## SOURCE MATERIAL
----
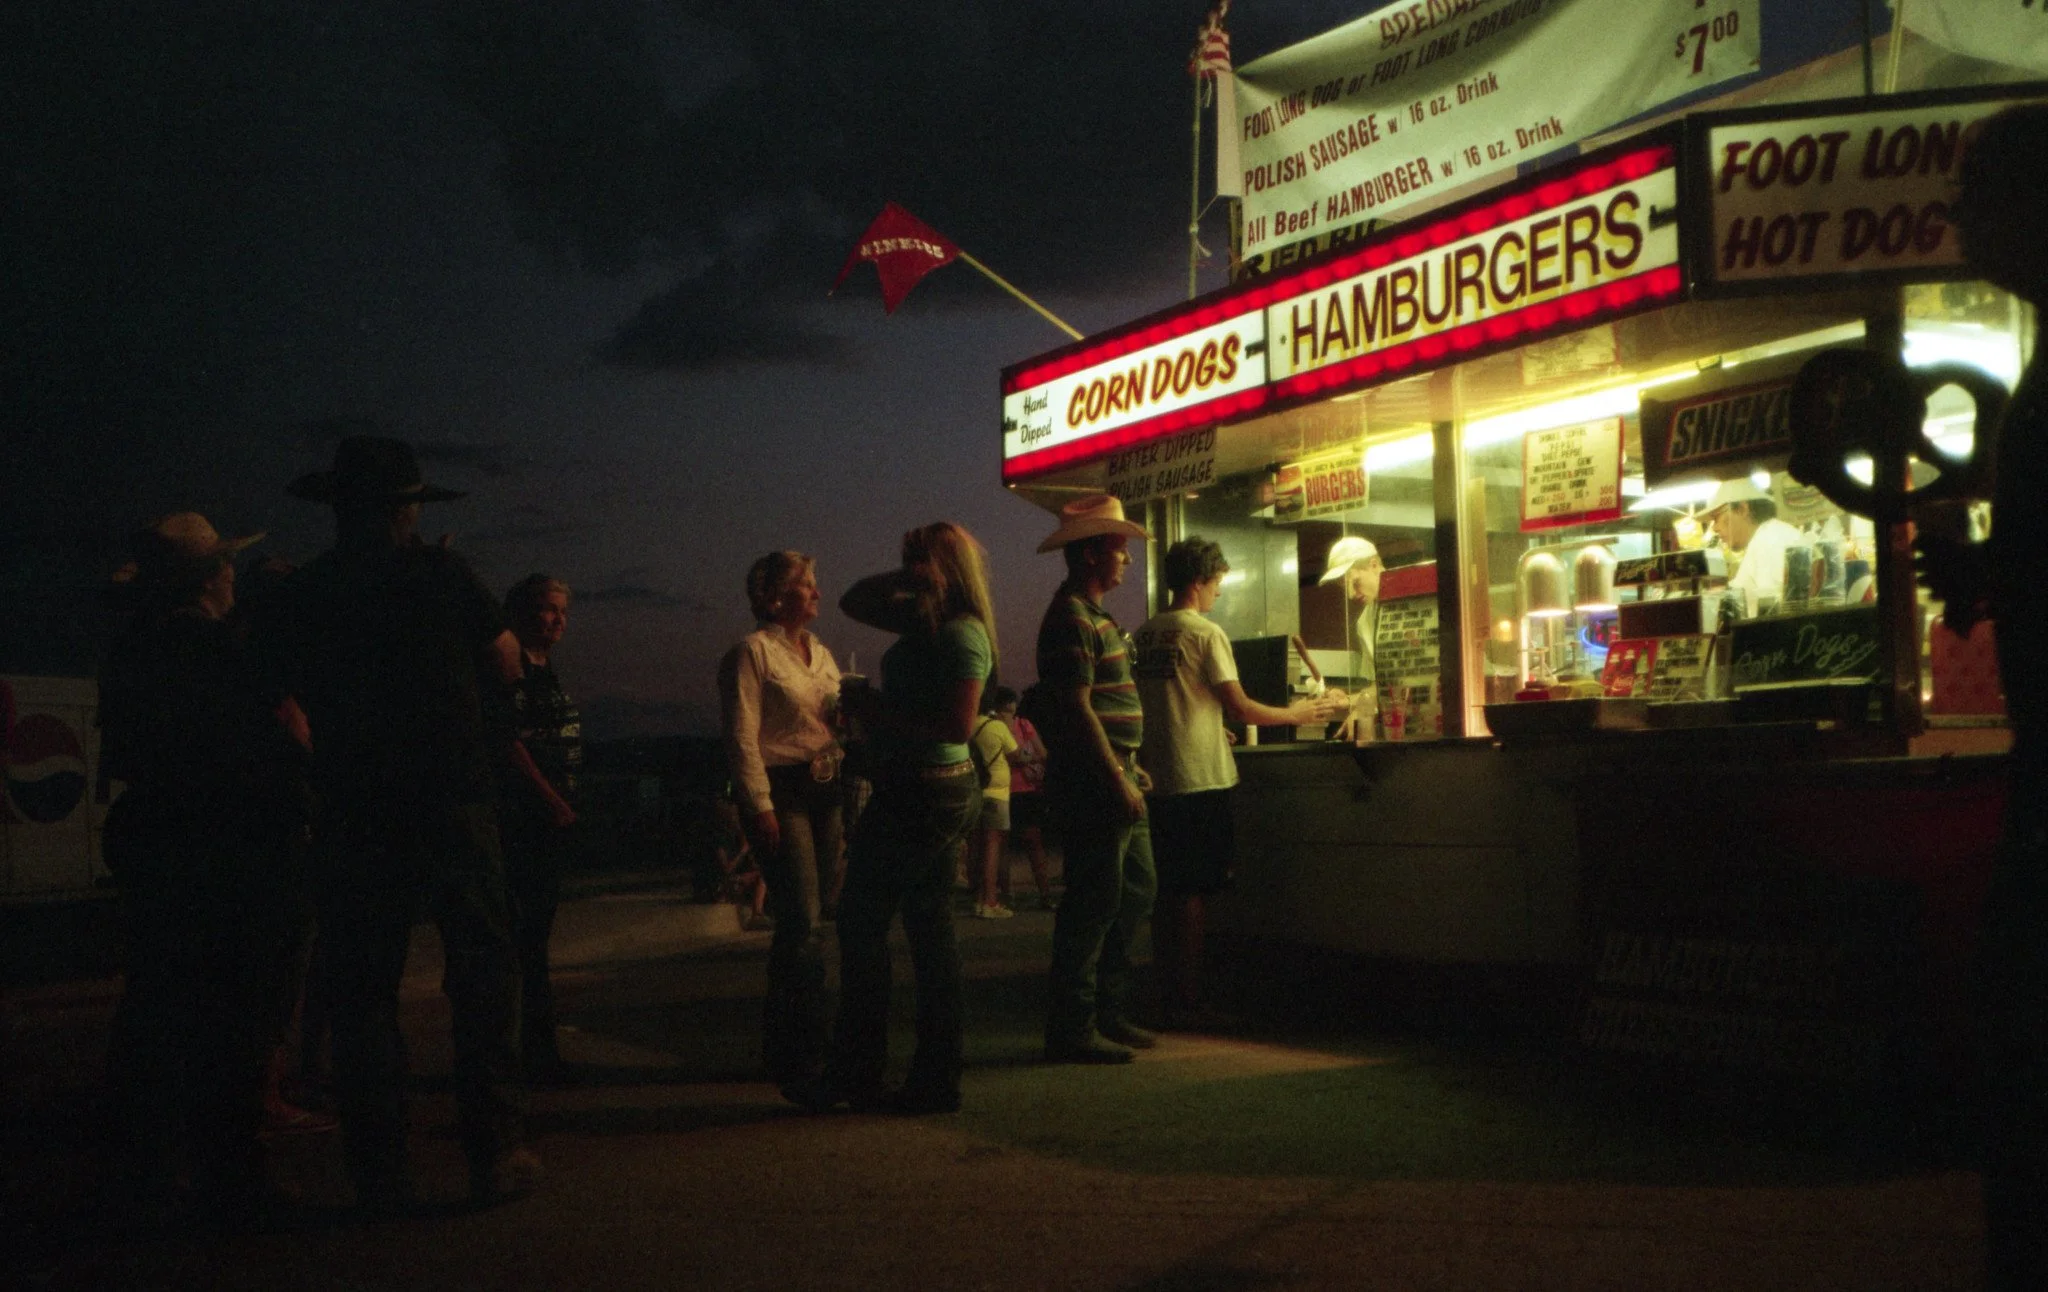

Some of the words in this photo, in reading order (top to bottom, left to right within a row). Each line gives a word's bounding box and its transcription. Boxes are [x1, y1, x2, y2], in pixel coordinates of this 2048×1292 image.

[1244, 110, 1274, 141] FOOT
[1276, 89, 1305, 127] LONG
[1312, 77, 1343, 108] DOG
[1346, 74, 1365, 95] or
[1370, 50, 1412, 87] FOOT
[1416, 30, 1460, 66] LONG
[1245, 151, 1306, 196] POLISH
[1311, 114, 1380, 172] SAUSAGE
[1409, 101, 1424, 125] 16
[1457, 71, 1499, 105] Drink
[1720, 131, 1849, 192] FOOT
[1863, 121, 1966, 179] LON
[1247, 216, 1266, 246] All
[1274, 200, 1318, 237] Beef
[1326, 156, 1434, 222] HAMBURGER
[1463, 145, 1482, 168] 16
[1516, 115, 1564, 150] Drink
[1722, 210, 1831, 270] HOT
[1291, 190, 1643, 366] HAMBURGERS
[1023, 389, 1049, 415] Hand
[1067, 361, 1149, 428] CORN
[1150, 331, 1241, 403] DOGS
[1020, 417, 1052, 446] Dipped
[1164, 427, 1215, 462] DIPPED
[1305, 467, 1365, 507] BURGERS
----
## PROBLEM TO SOLVE
Where pictures appear in the records, leave them out; output everything else exactly.

## TASK RESPONSE
Some of the words in this photo, in reading order (top to bottom, left to right within a row). Each line gives a word's bounding box and its transcription. Boxes are [x1, y1, x2, y2], in pixel coordinates of this 2048×1292 image.

[1244, 110, 1274, 141] FOOT
[1276, 89, 1305, 127] LONG
[1312, 77, 1343, 108] DOG
[1346, 74, 1365, 95] or
[1370, 50, 1412, 87] FOOT
[1416, 30, 1460, 66] LONG
[1245, 151, 1306, 196] POLISH
[1311, 114, 1380, 172] SAUSAGE
[1409, 101, 1424, 125] 16
[1457, 71, 1499, 105] Drink
[1720, 131, 1849, 192] FOOT
[1863, 121, 1966, 179] LON
[1247, 216, 1266, 246] All
[1274, 200, 1318, 237] Beef
[1326, 156, 1434, 222] HAMBURGER
[1463, 145, 1482, 168] 16
[1516, 115, 1564, 150] Drink
[1722, 210, 1831, 270] HOT
[1291, 190, 1643, 366] HAMBURGERS
[1023, 389, 1049, 415] Hand
[1067, 361, 1149, 428] CORN
[1150, 331, 1241, 403] DOGS
[1020, 417, 1052, 446] Dipped
[1164, 427, 1215, 462] DIPPED
[1305, 467, 1365, 507] BURGERS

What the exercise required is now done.